On Saturday, Mitt Romney again defended his aides' decision to purchase their government-issued hard drives and erase official emails as Romney finished out his run as governor of Massachusetts in 2006.
MSNBC reports that the GOP contender claimed that the staffers' hard drives may have contained confidential information, and that "putting it in the public domain would be violating their trust."
The Boston Globe reported on Thursday that at the tail end of Romney's governorship, his aides decided to purchase the hard drives that had been officially issued to them, then erased all their official emails from a server. Computers in the office were replaced before Deval Patrick assumed the governorship in 2007, leaving no trace of Romney's electronic communications while in charge of the state.
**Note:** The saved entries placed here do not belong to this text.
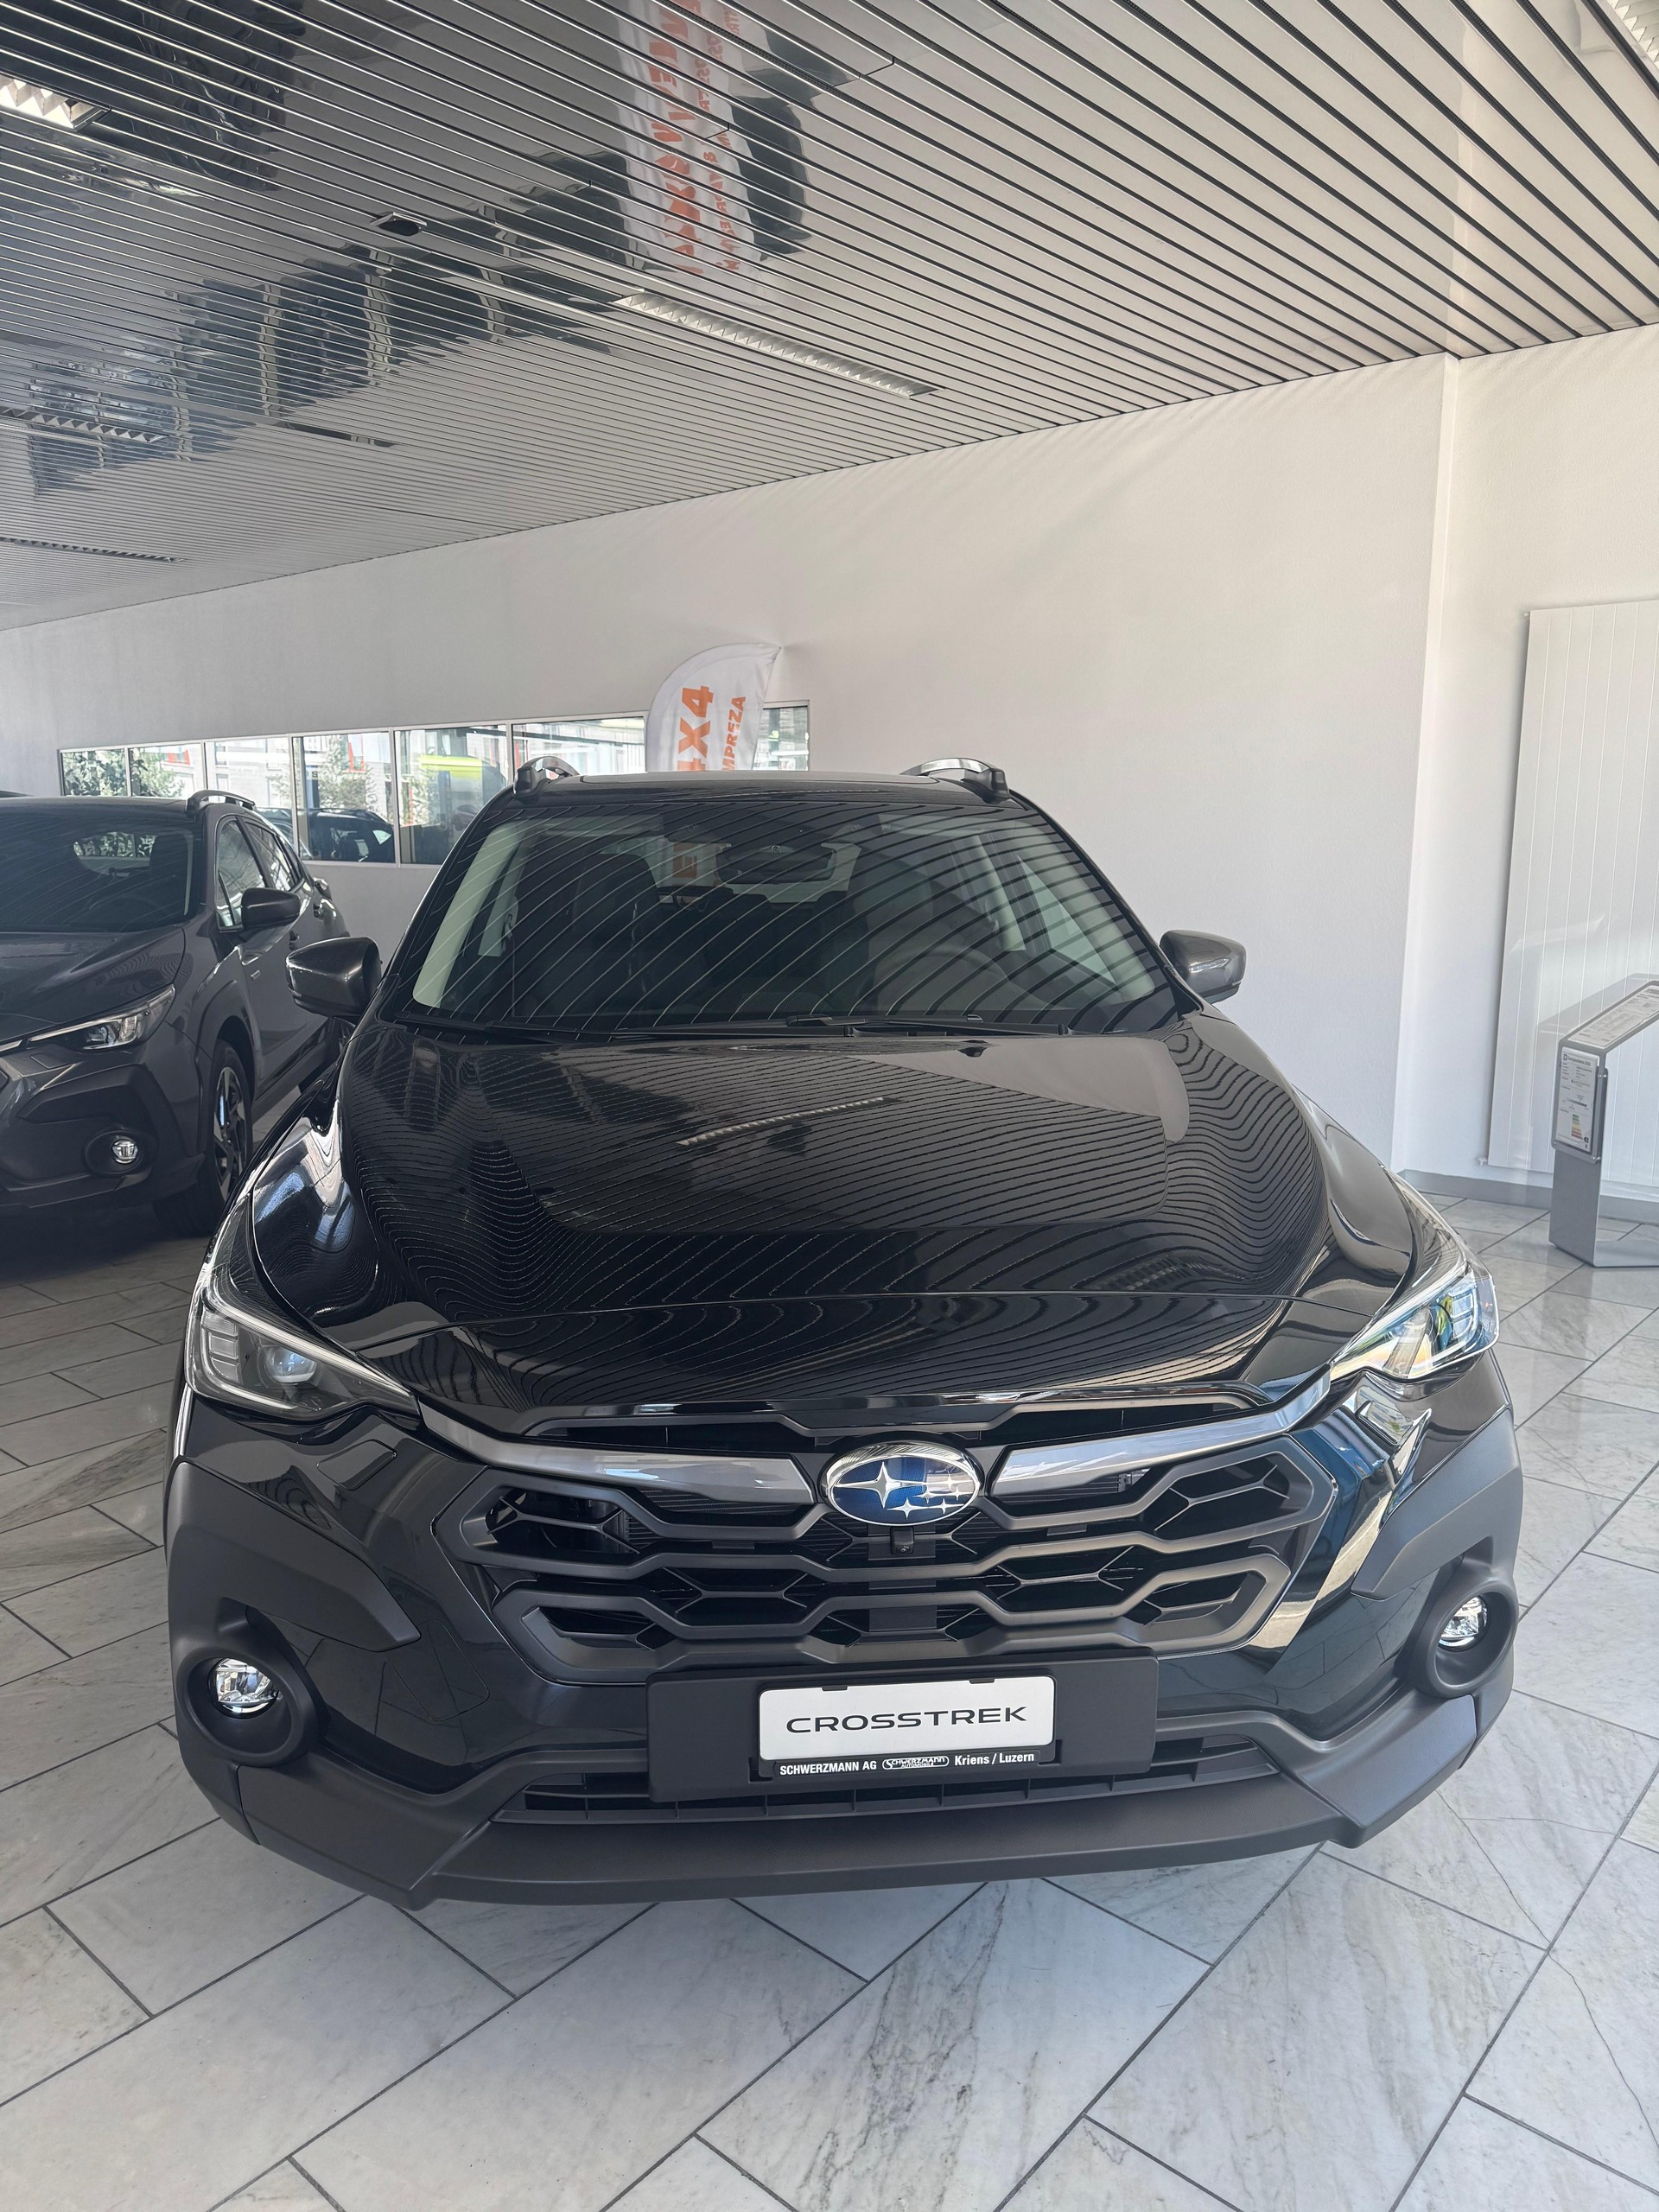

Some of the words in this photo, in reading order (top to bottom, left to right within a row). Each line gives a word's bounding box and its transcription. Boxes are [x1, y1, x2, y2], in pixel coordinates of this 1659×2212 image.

[721, 696, 747, 771] MPREZA
[786, 1707, 1027, 1733] CROSSTREK
[779, 1761, 859, 1776] SCHWERZMANN
[862, 1760, 877, 1770] AG
[954, 1754, 990, 1766] Kriens
[991, 1752, 997, 1765] /
[999, 1752, 1035, 1764] Luzern
That story quoted Andrea Saul, a spokeswoman for the Romney campaign, as defending the practice. “In leaving office, the governor’s staff complied with the law and longtime executive branch practice,’’ she said. “Some employees exercised the option to purchase computer equipment when they left. They did so openly with personal checks.’’
The spokeswoman also accused Obama of colluding with friend and current Massachusetts governor Deval Patrick to discredit Romney.
On Saturday, Romney claimed that his administration had followed protocol the letter of the law. From MSNBC:
In what seemed like a circular answer, Romney explained his reasoning. "The reason I presume you would make sure if you're not going to make something public, you in effect don't make it public. By having computers with that information on it, why would you make it public? Which may well be a privileged, confidential medical-in-nature [item] that would not be appropriate to be in the public domain."
When asked by NBC News how transparent a potential Romney White House would be in light of his past performance and recent calls for transparency from the Obama administration, Romney only said, "I would anticipate while I have not been in federal office ... we would do what's required by the law and then some."
As CBS News reported, Romney first defended the practice on Friday, when he spoke with reporters after a campaign event in New Hampshire.
"We actually put 700 boxes of information into the archives that wasn't even required so we followed the law exactly as intended and as written," he said then.